The NTP is one of those very useful and often ignored internet services that lets you keep the clocks of all your machines in sync. Synchronized clocks make log analysis much more straightforward, so a good clock is essential for security services.
Anyway, back to the story. It turned out that the suspect requests were all using an old and deprecated version of the protocol. And there were a lot of them: more than three million connections from over 250,000 different machines. Smelling a rat, the operator decided to investigate further.
After a bit of detective work, he discovered that most, if not all, of the requests were coming from a particular model of wireless router used by home users and small businesses. In its default configuration, the router had the Denmark NTP server as one of its list of servers to contact.
Unfortunately the router's software broke several rules. First, it should not have been set to contact a so-called "Stratum 1" NTP server, which is reserved for larger networks.

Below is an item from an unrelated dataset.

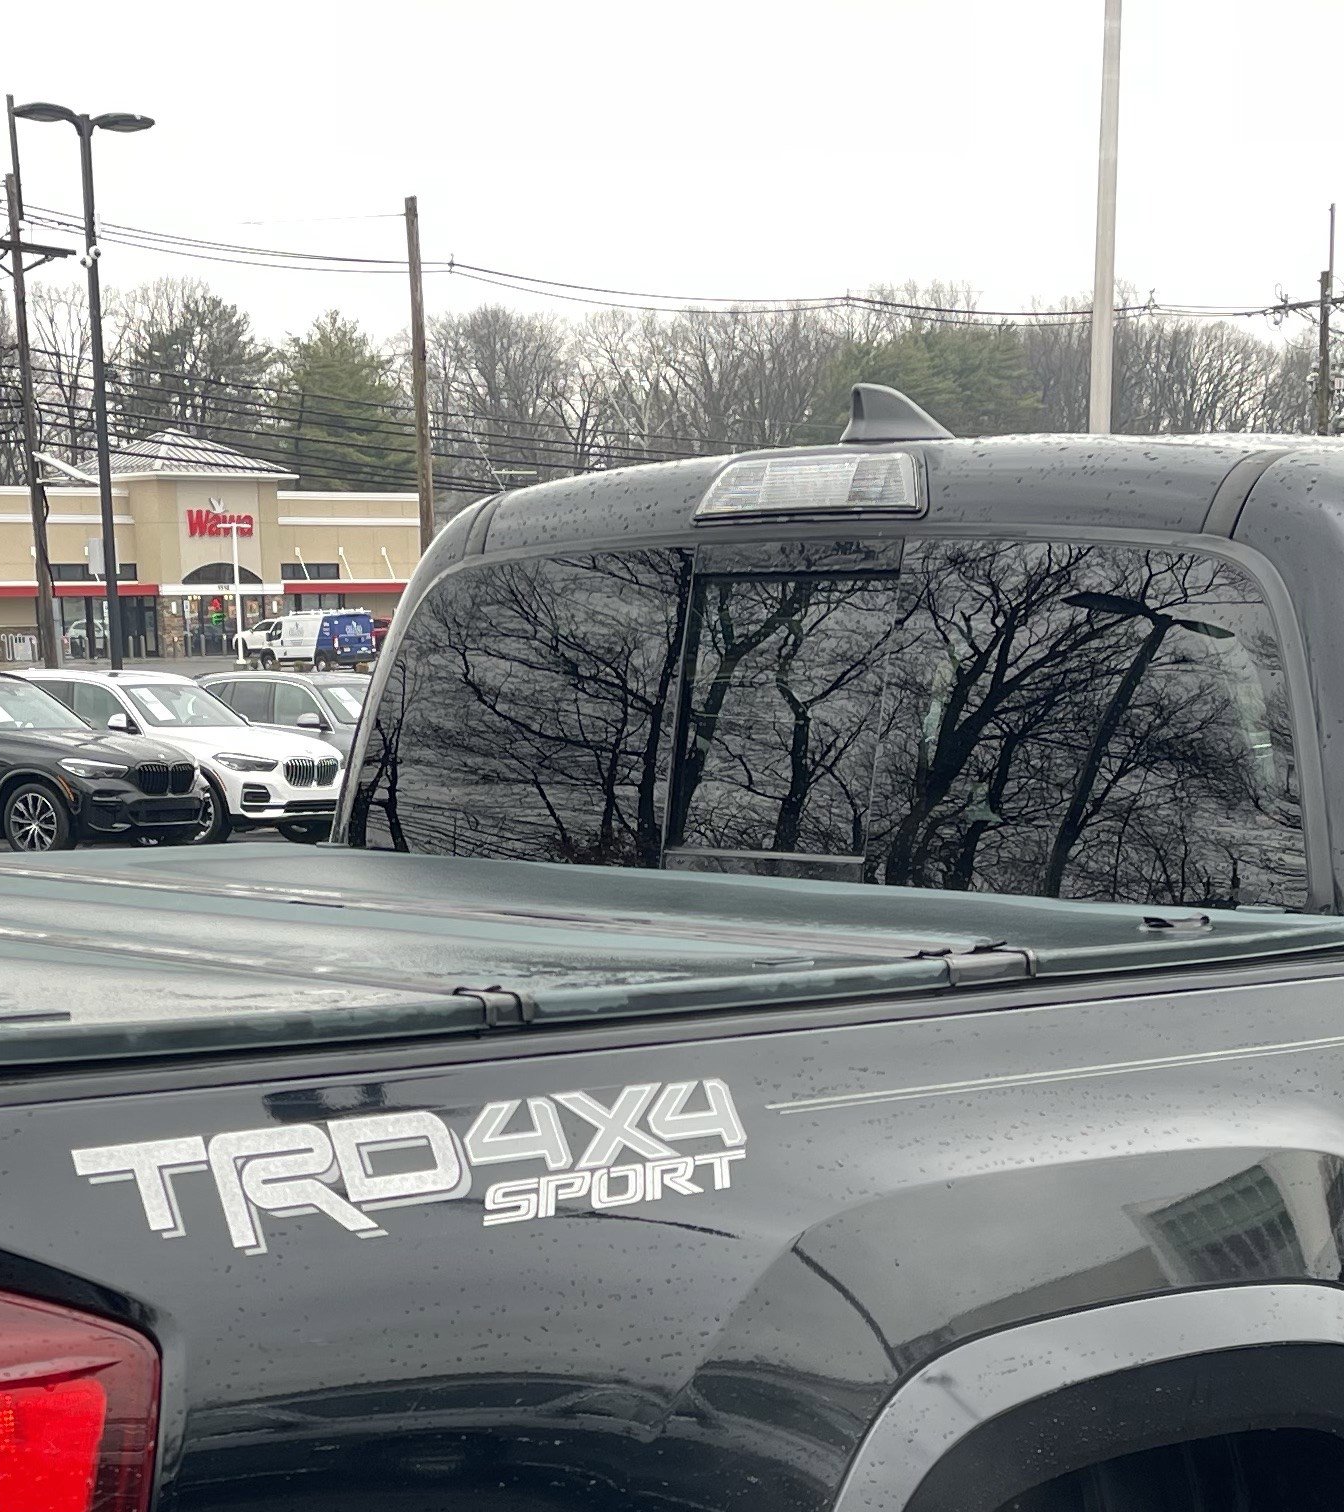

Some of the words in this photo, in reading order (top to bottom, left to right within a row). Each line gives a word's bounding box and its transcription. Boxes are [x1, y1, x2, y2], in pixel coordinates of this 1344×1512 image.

[186, 509, 254, 538] Wawa
[70, 1110, 472, 1256] TRD
[462, 1077, 748, 1171] 4X4
[482, 1149, 747, 1227] SPORT

Second, to make matters worse, it made no attempt to cache the DNS lookups, so like an impatient child on a long drive it kept asking the same question over and over. Finally, and perhaps daftest of all, it attempted to synchronise the time every 30 seconds.

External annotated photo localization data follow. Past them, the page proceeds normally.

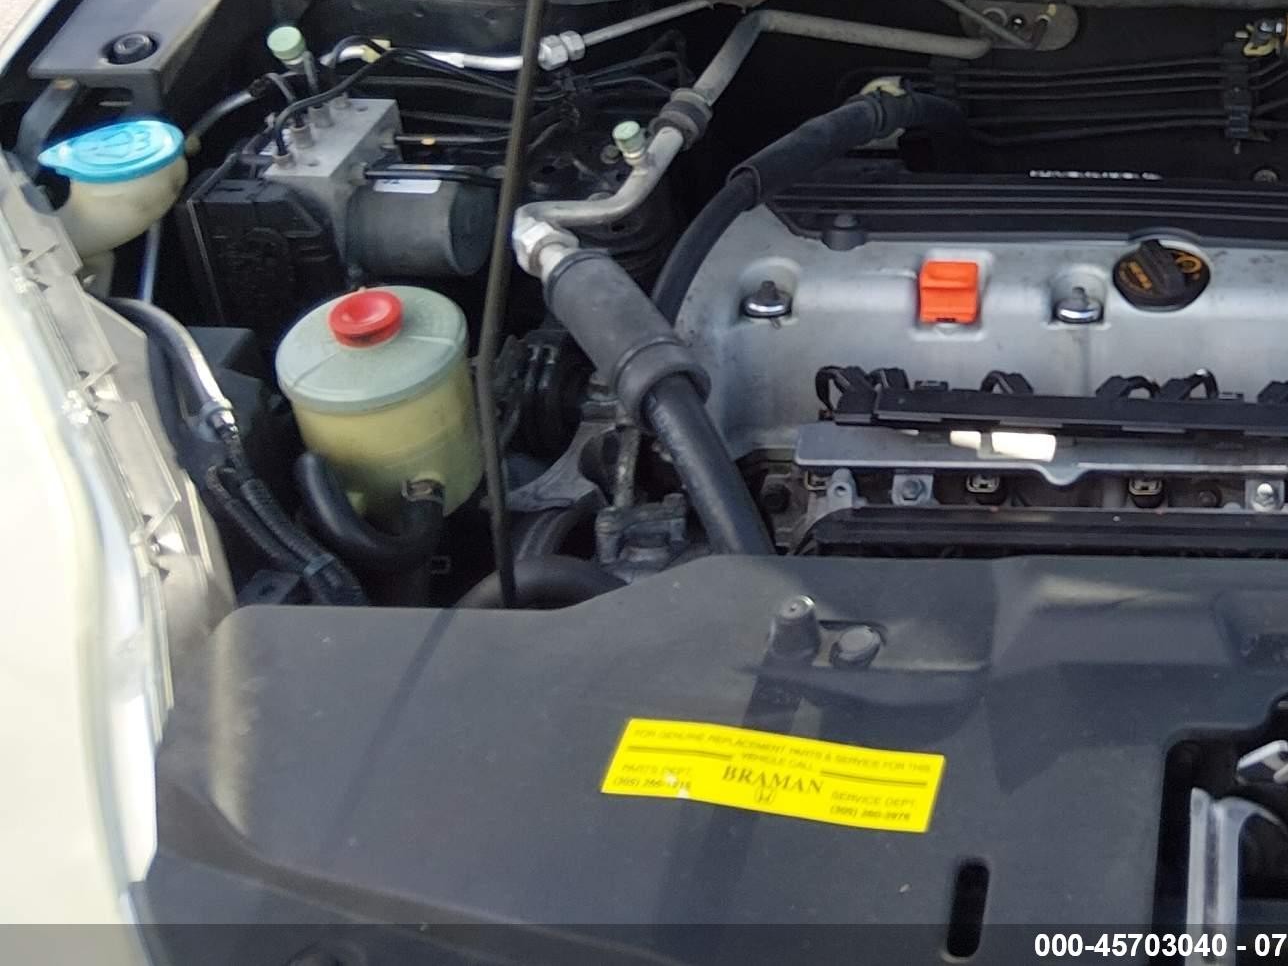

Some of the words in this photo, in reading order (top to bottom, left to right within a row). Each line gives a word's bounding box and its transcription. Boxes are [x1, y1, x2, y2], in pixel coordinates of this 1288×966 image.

[634, 729, 656, 739] FOR
[658, 730, 704, 741] GENUINE
[707, 734, 785, 754] REPLACEMENT
[789, 746, 822, 761] PARTS
[834, 754, 880, 769] SERVICE
[883, 760, 905, 771] FOR
[621, 763, 658, 774] PARTS
[741, 752, 787, 766] VEHICLE
[788, 758, 814, 771] CALL
[721, 764, 825, 794] BRAMAN
[831, 790, 880, 805] SERVICE

Of course the owners of the offending routers were none the wiser. As can be seen by the large number of unprotected wireless networks still around, Joe Public will usually not change default settings (nor should he have to, if the product has been sensibly configured). In effect, the routers were acting as a dumb, but large-scale denial-of-service attack. This is all rather frustrating, as a brief review of the relevant specifications will quickly identify the polite way of using services such as NTP.

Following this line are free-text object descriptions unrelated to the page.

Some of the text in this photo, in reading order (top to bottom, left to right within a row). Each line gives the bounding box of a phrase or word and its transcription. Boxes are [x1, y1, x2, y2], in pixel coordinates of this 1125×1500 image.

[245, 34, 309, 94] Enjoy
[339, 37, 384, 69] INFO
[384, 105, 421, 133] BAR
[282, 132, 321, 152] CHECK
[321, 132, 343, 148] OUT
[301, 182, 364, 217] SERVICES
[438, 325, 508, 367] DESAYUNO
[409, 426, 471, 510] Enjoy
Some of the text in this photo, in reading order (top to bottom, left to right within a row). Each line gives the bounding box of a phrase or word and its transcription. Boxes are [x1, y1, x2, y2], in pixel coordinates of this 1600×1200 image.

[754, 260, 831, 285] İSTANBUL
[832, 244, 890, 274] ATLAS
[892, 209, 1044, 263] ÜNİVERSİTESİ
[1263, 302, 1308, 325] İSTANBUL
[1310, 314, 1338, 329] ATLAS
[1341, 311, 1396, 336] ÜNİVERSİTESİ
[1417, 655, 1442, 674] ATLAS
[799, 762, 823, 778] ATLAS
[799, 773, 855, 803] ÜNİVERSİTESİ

This case shows once again why monitoring what is going out of your network is as important as knowing what's coming in. Unfortunately, many small business firewalls come pre-configured to assume that anything inside the wall is trustworthy, and allow anything to go out. This is a bit like setting up your plumbing to flush into the street.
A sensible security policy that limits outgoing connections to appropriate systems will prevent you from falling foul of badly configured hardware. There are enough intentional vandals on the internet, the last thing we need is accidental ones as well.